• Sitka Local Foods Network hosts annual meeting and potluck dinner on Saturday, Jan. 21

Please join the Sitka Local Foods Network for its annual meeting and potluck dinner at 6 p.m. on Saturday, Jan. 21, at the Sitka Unitarian Universalist Fellowship Hall (408 Marine St., parking lot is off Spruce Street).

Join us as we honor our four years of existence and prepare for our fifth year. During this time, the Sitka Local Foods Network has worked on several initiatives — creating the Sitka Farmers Market, building St. Peter’s Fellowship Farm, hosting the Let’s Grow Sitka! garden education event, and more. We supported projects to plant more fruit trees around Sitka, get more local fish served in school lunches and increase Sitka’s ability to compost, and we are working toward starting the Sitka Community Greenhouse and Education Center. We also received a 501(c)(3) non-profit status from the IRS, so people can make tax-deductible gifts to help fund our work.

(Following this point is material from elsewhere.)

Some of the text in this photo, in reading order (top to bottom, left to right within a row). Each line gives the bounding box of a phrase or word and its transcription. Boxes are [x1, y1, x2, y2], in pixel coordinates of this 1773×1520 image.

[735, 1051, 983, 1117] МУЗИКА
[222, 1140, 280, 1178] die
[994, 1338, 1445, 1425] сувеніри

Our annual meeting and potluck is open to the public, and all Sitka residents are welcome to attend. We will feature local and slow foods, but we really value your attendance. This is our opportunity to say thank you to those who have helped us grow, and it is your chance to learn more about what we’re doing and how you can help.

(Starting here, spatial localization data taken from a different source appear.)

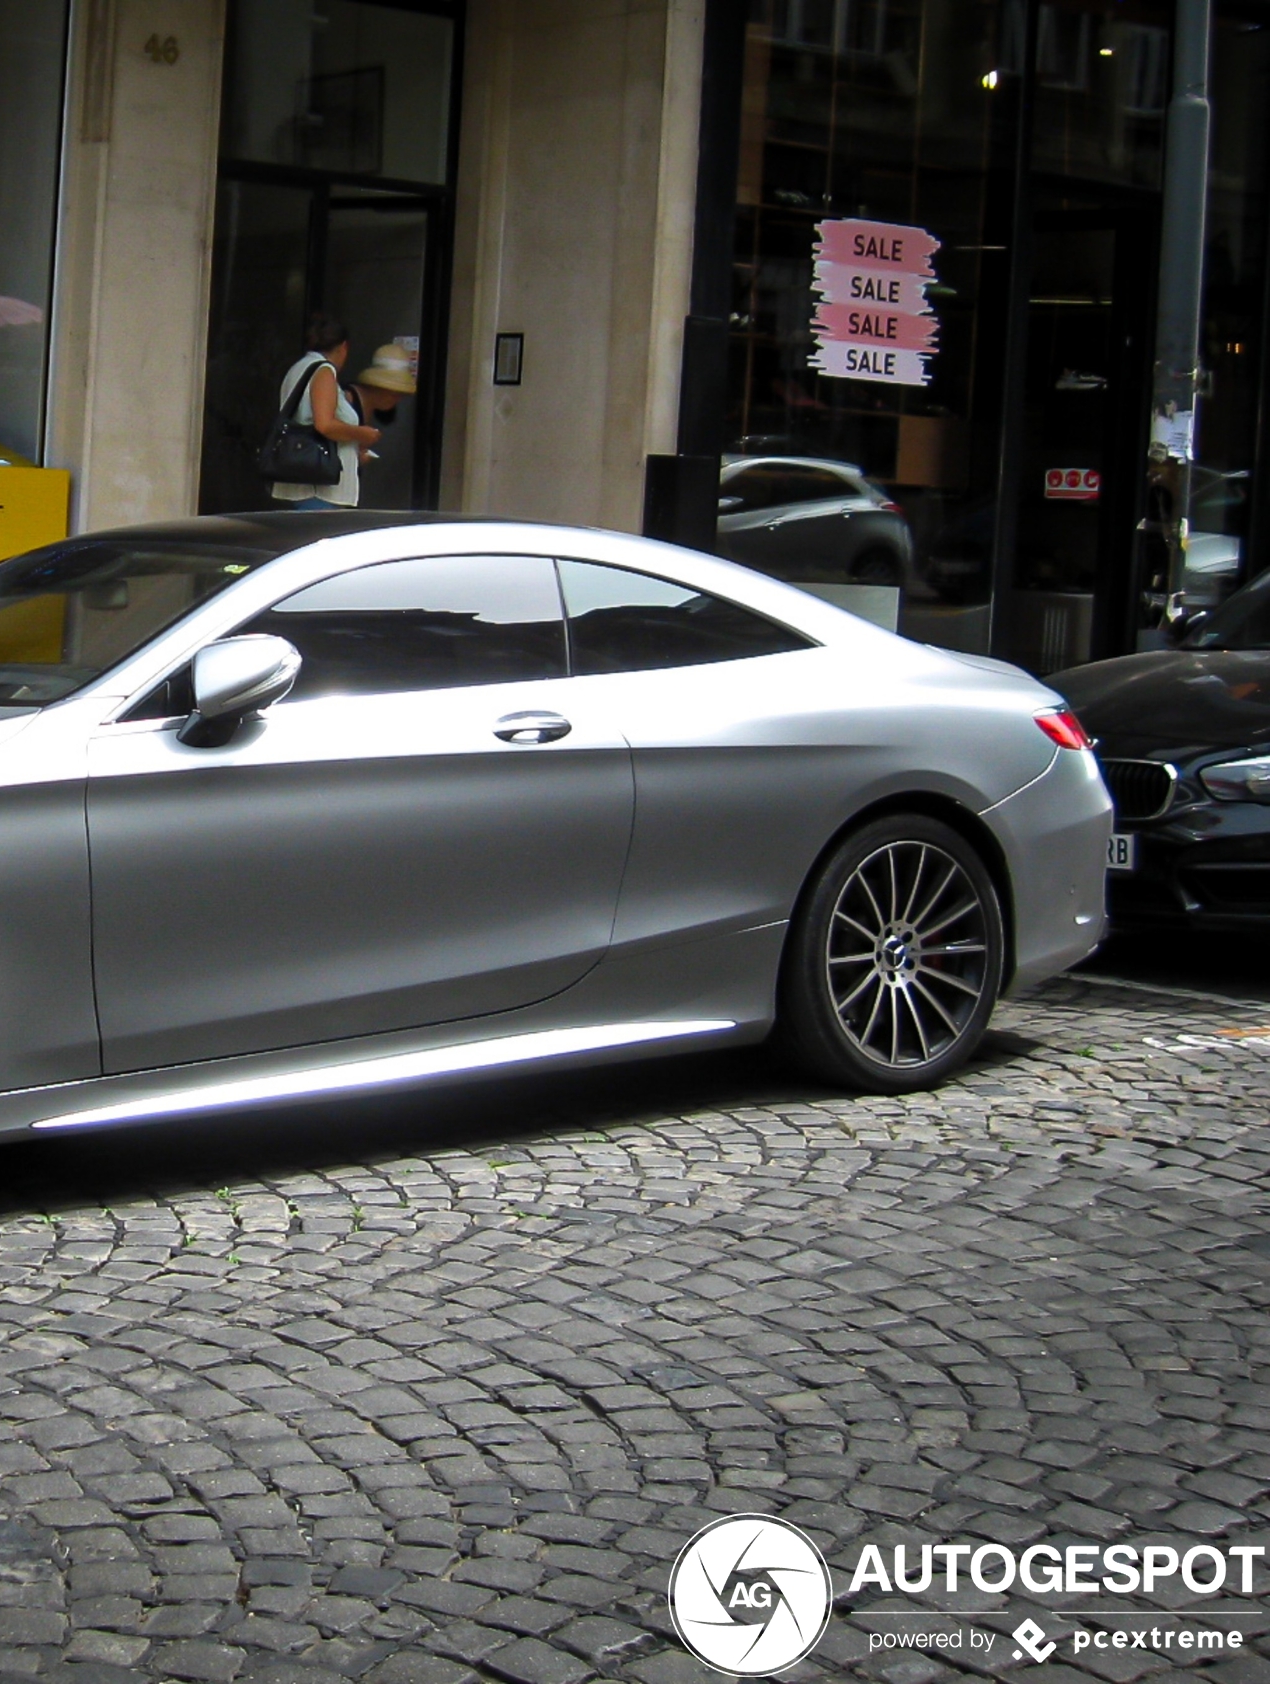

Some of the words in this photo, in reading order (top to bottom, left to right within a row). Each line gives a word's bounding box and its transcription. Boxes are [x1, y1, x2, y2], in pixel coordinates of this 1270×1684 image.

[144, 32, 179, 65] 46
[853, 234, 903, 262] SALE
[850, 276, 900, 303] SALE
[848, 313, 898, 340] SALE
[845, 349, 896, 376] SALE
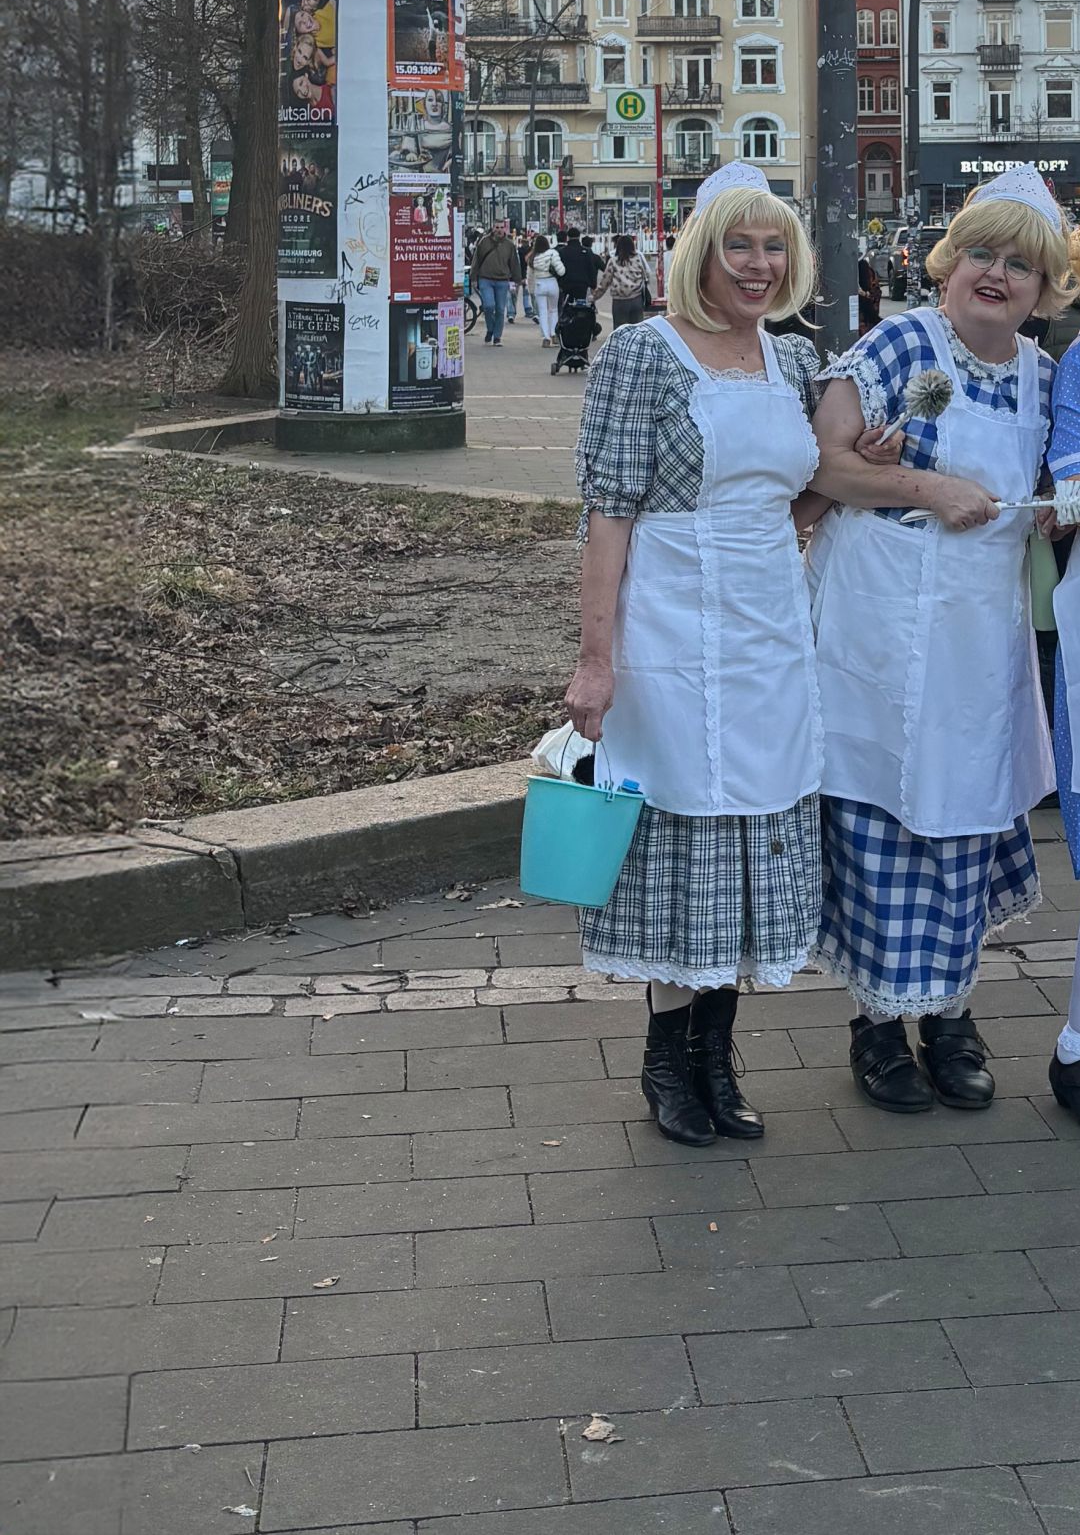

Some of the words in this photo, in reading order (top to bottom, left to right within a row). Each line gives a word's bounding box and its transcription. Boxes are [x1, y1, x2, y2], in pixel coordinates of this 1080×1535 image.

[393, 252, 418, 262] JAHR
[287, 320, 305, 330] BEE
[307, 321, 340, 332] GEES

As we enter 2012, Sitka and the rest of Alaska face some serious food security issues. According to a recent survey by the University of Alaska Fairbanks Cooperative Extension Service, the weekly cost for food for a family of four in Sitka has gone up 44 percent over the past five years. With rising fuel prices, this trend does not figure to change in the near future. Sitka still imports about 90-95 percent of its food from the Lower 48 or other countries, which means transportation is a big part of our food cost. The Sitka Local Foods Network is looking for input from Sitka residents about how we can work to improve Sitka’s food security. We also are working with the Alaska Food Policy Council, which is a statewide organization working on food security issues.

So mark your calendar to attend our annual meeting and potluck dinner at 6 p.m. on Saturday, Jan. 21, at the Unitarian Universalist Fellowship Hall, 408 Marine St. For more information, contact Kerry MacLane at 752-0654.

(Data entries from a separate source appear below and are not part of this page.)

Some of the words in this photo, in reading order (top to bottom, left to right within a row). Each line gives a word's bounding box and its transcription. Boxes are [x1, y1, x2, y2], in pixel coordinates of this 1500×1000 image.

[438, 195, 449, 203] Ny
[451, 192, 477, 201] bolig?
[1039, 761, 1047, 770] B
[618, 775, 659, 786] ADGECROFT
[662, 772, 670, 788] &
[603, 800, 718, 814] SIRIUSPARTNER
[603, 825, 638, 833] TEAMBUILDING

• Sitka Local Foods Network board of directors to meet on Monday, Jan. 9

The 2011-12 Sitka Local Foods Network Board of Directors at its winter board retreat on Dec. 3, 2011. From left are Lisa Sadleir-Hart, Doug Osborne, Maybelle Filler, Cathy Lieser, Robin Grewe, Linda Wilson and Kerry MacLane. Not pictured is Tom Crane.

The 2011-12 Sitka Local Foods Network Board of Directors at its winter board retreat on Dec. 3, 2011. From left are Lisa Sadleir-Hart, Doug Osborne, Maybelle Filler, Cathy Lieser, Robin Grewe, Linda Wilson and Kerry MacLane. Not pictured is Tom Crane.

The Sitka Local Foods Network board of directors will hold its monthly meeting from 6:30-8 p.m. on Monday, Jan. 9, at the Sitka Unitarian Universalist Fellowship Building, 408 Marine St. (parking lot is off Spruce Street).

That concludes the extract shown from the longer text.